Senior-most officer and service chief of the United States Marine Corps

The commandant of the Marine Corps (CMC) is normally the highest-ranking officer in the United States Marine Corps. It is a four-star general position and a member of the Joint Chiefs of Staff. The CMC reports directly to the secretary of the Navy and is responsible for ensuring the organization, policy, plans, and programs for the Marine Corps as well as advising the president, the secretary of defense, the National Security Council, the Homeland Security Council, and the secretary of the Navy on matters involving the Marine Corps.

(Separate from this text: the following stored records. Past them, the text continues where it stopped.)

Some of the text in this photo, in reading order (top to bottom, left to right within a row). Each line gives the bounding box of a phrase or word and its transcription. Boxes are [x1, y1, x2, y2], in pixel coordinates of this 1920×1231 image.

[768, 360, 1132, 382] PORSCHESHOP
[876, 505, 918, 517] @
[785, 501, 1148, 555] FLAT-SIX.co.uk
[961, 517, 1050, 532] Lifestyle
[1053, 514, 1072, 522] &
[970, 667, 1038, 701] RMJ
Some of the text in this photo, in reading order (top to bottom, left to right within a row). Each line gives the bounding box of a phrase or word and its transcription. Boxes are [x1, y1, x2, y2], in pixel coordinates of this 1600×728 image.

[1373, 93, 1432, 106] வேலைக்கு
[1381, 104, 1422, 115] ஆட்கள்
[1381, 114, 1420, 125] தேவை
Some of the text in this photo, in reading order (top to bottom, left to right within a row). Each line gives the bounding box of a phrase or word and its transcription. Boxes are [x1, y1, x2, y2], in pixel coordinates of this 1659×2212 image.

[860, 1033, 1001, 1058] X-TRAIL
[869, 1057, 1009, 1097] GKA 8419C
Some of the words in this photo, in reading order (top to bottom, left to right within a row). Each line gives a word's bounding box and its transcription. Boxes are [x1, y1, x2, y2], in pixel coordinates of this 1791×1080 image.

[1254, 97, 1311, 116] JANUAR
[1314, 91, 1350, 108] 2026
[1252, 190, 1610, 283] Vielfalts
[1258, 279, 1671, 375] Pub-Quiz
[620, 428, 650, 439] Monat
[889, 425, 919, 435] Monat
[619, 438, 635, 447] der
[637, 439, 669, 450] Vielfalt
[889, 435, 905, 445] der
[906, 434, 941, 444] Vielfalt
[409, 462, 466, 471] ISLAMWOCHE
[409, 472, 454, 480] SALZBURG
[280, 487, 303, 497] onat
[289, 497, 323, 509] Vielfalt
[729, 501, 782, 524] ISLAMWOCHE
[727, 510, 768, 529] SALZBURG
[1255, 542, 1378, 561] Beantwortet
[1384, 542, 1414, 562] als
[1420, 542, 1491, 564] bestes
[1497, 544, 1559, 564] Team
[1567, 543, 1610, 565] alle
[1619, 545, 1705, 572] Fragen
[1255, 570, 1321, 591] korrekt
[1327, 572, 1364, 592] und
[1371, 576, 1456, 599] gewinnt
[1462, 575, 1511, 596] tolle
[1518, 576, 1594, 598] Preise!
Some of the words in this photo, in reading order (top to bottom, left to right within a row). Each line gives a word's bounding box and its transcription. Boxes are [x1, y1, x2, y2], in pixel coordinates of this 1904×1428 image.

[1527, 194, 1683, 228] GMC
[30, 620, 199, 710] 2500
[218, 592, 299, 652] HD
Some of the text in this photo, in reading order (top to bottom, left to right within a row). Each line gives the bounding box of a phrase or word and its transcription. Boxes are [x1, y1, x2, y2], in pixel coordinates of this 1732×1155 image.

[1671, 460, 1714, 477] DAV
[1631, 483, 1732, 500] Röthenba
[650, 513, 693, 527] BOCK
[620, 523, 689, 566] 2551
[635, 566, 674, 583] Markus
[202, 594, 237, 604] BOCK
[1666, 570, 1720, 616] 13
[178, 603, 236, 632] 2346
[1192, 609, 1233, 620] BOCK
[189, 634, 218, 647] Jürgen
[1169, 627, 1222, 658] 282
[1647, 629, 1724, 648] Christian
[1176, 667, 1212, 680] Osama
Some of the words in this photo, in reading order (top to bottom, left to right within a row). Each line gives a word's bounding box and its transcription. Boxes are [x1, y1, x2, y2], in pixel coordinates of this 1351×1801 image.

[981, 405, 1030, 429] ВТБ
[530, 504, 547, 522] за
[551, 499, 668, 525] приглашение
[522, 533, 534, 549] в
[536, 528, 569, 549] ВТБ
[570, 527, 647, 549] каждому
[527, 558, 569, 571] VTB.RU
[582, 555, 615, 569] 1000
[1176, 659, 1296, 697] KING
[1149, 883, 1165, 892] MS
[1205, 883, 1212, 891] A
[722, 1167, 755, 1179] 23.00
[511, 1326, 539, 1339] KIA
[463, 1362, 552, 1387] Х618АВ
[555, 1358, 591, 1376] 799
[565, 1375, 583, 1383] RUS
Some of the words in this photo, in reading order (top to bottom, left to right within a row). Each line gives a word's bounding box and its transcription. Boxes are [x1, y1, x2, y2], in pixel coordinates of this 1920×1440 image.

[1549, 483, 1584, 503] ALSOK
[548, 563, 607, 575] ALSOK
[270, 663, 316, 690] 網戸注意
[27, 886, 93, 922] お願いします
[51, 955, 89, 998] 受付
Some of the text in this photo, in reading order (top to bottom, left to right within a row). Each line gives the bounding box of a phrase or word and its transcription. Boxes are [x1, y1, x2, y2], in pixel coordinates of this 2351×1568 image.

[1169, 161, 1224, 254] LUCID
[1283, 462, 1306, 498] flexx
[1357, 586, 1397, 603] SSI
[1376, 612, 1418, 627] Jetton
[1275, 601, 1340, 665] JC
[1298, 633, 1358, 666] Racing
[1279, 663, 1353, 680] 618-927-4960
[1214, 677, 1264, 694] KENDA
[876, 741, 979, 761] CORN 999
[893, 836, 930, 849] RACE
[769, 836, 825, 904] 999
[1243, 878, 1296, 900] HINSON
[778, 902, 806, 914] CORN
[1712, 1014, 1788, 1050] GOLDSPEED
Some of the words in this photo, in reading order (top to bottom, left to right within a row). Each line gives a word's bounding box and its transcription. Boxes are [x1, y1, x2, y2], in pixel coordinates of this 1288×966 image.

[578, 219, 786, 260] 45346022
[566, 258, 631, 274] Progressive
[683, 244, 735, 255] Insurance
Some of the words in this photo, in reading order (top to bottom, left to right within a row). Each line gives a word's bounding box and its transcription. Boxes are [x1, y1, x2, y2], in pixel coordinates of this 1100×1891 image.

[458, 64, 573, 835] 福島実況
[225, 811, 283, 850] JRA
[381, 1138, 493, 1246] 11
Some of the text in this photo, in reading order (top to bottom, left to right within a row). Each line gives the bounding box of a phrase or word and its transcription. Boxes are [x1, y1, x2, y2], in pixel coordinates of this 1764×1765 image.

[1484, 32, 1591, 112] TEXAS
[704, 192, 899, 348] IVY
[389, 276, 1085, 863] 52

Under the authority of the secretary of the Navy, the CMC designates Marine personnel and resources to the commanders of unified combatant commands. The commandant performs all other functions prescribed in Section 8043 in Title 10 of the United States Code or delegates those duties and responsibilities to other officers in his administration in his name. As with the other joint chiefs, the commandant is an administrative position and has no operational command authority over United States Marine Corps forces.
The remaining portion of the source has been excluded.